Features and Popularity
Let's hop on to our next problem. We know that different features of a song can impact its popularity in different ways, however, we want to dig deeper and see how. This is one of the most important questions that we should ask.
- How do different features of a song impact its popularity?
We get an intuition that large audiences like songs that are compatible with dancing. Let's see if we can back this up with data as well.
df_1=df_tracks.groupby('popularity')['danceability'].mean().sort_values(ascending=[False]).reset_index()
df_1.head()
popularity | danceability | |
---|---|---|
0 | 95 | 0.798000 |
1 | 98 | 0.778000 |
2 | 91 | 0.751091 |
3 | 88 | 0.727105 |
4 | 85 | 0.712600 |
We have created a different dataset df_1
. This dataframe will have the popularity for different songs grouped by the mean of the danceability
score.
Now, this makes it easier for us to analyze the correlation between these two features.

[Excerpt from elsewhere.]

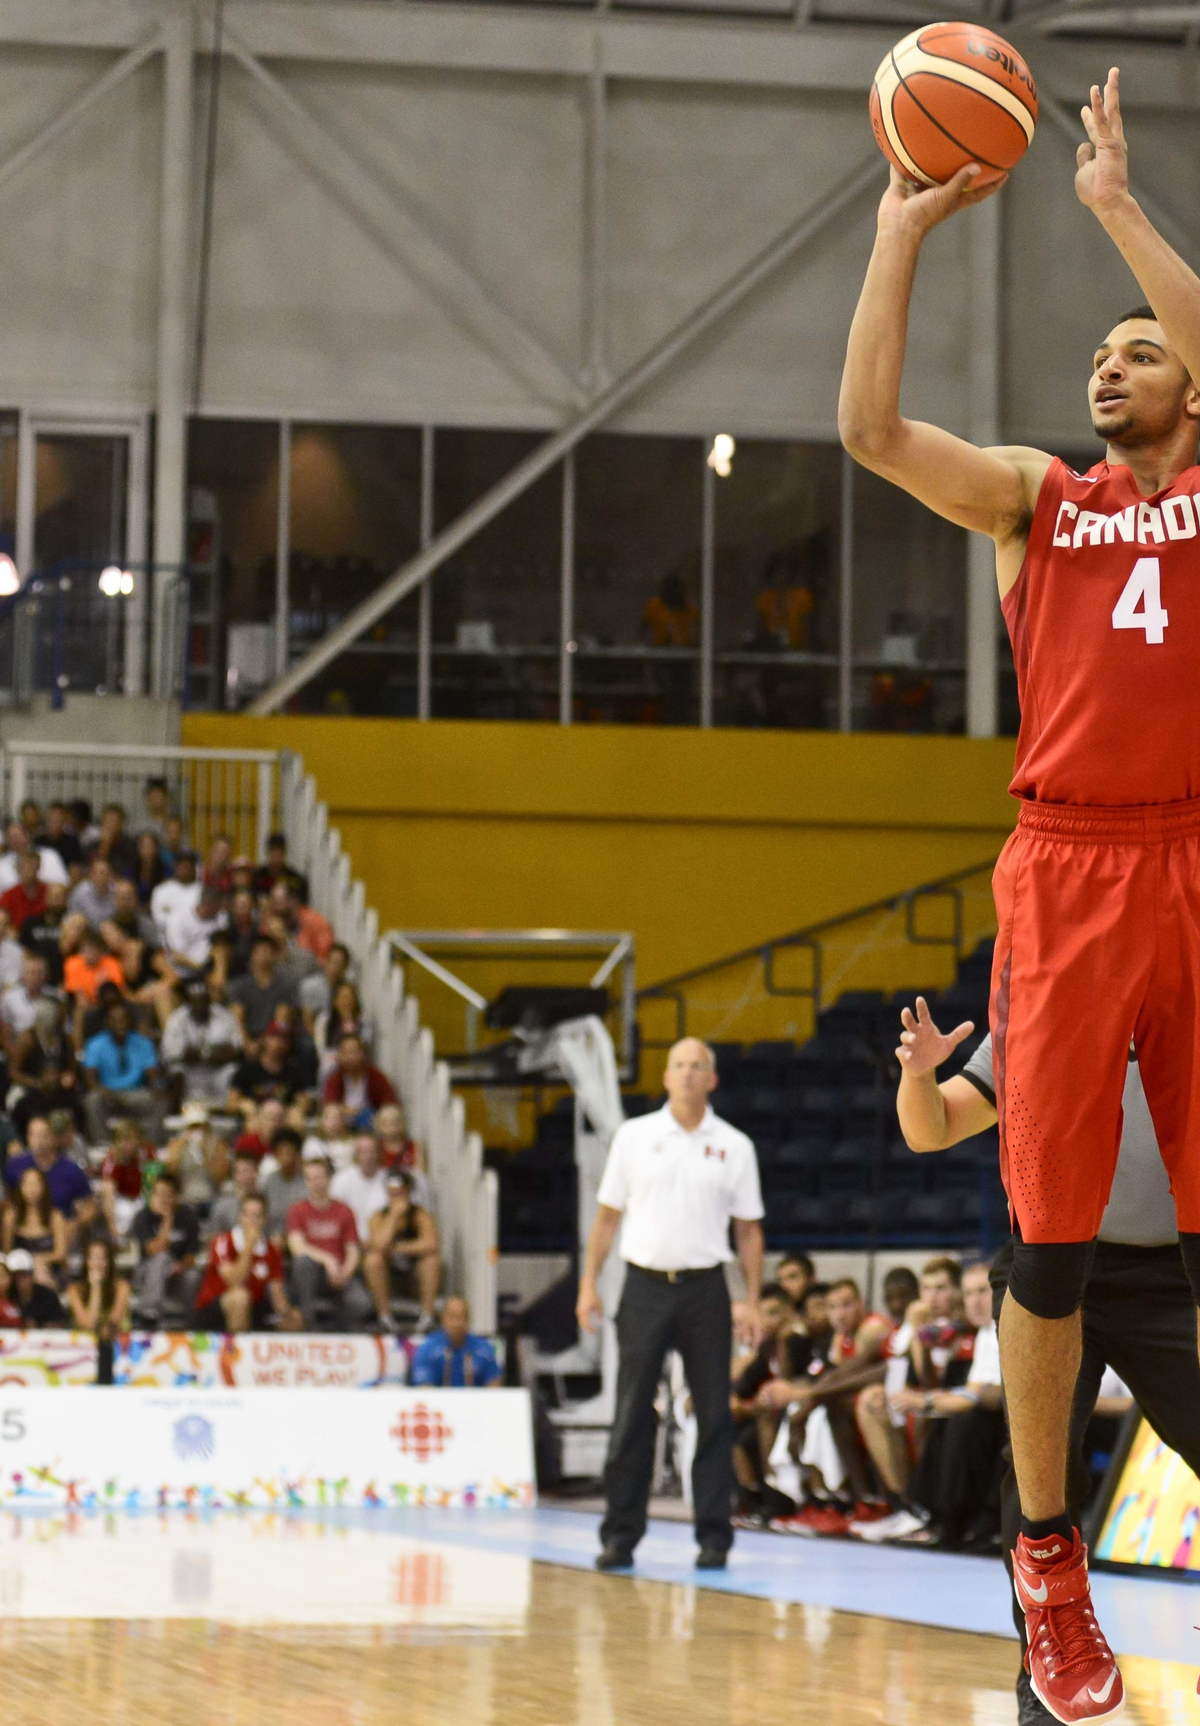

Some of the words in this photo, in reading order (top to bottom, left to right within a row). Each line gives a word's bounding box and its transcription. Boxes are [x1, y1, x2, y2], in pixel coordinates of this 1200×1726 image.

[1111, 557, 1169, 645] 4
[251, 1340, 358, 1365] UNITED
[251, 1367, 286, 1387] WE

We will use the basics of a plotting library in python called Plotly. It is an interactive, open-source plotting library that supports various charts.

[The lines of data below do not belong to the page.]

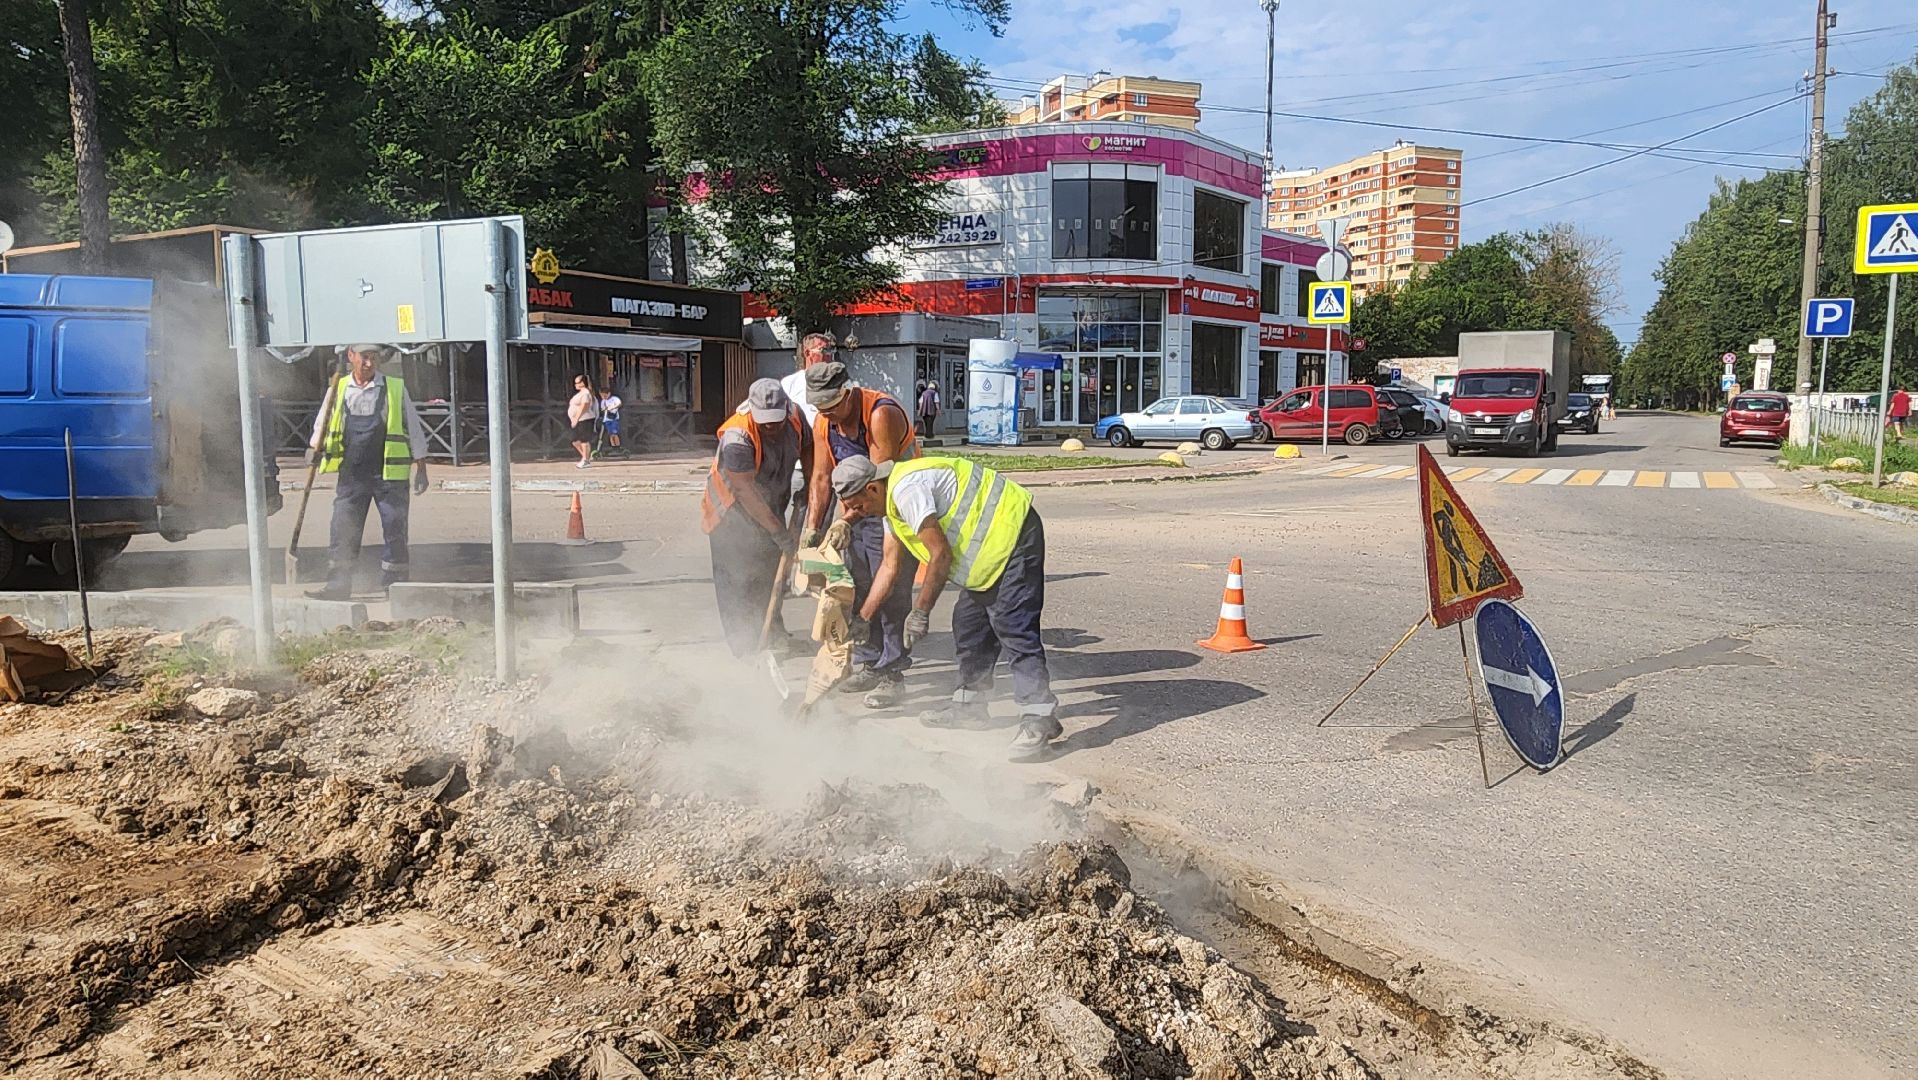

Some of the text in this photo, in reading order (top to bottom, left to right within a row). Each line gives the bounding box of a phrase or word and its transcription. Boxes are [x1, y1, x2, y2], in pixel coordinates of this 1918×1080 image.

[938, 214, 987, 232] ЕНДА
[938, 233, 961, 244] 242
[964, 231, 979, 242] 39
[981, 230, 997, 241] 29
[528, 287, 574, 308] АБАК
[611, 297, 708, 320] МАГАЗИН-БАР
[1815, 303, 1843, 333] P
[1392, 369, 1400, 380] P
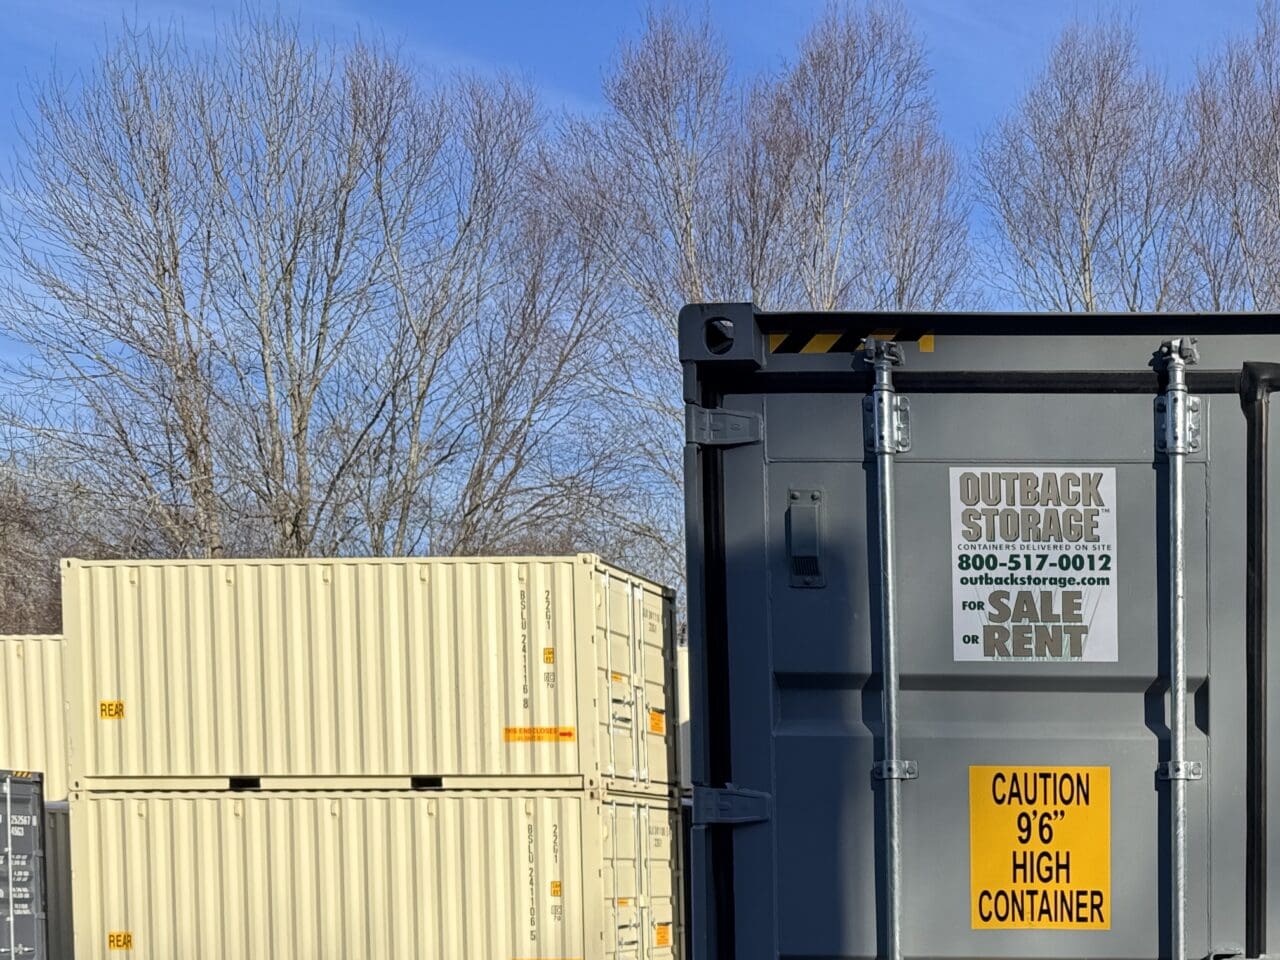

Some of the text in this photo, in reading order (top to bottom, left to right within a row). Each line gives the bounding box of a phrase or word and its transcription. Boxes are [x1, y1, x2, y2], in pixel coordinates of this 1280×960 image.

[959, 472, 1105, 506] OUTBACK
[961, 508, 1100, 542] STORAGE
[957, 543, 1112, 551] CONTAINERS DELIVERED ON SITE
[957, 553, 1111, 571] 800-517-0012
[960, 573, 1110, 588] outbackstorage.com
[962, 590, 1083, 623] FOR SALE
[962, 624, 1089, 658] OR RENT
[100, 703, 124, 717] REAR
[992, 772, 1090, 806] CAUTION
[1012, 851, 1071, 884] HIGH
[978, 889, 1105, 923] CONTAINER
[109, 934, 132, 948] REAR

It's important to import the library before moving ahead.
import plotly.express as px #importing plotly
fig2 = px.scatter(df_tracks, x="popularity", y="danceability", color="danceability",size='popularity')
fig2.show()
Bingo! We have plotted a scatter plot. In this case, since the area of the circles corresponds to the danceability score, we can call this chart a Bubble Chart as well. This implies that the more the popularity score the greater will be the area corresponding to that particular bubble and vice versa.
The graph in itself is interactive and with one quick look at it, we release that 'popularity' and 'danceability' are positively correlated, which implies that, as the popularity of the song increase, the danceability score for that song also increases.
We don't always need to plot a graph to check the correlation between two features. The same can also be achieved with a few simple codes given below.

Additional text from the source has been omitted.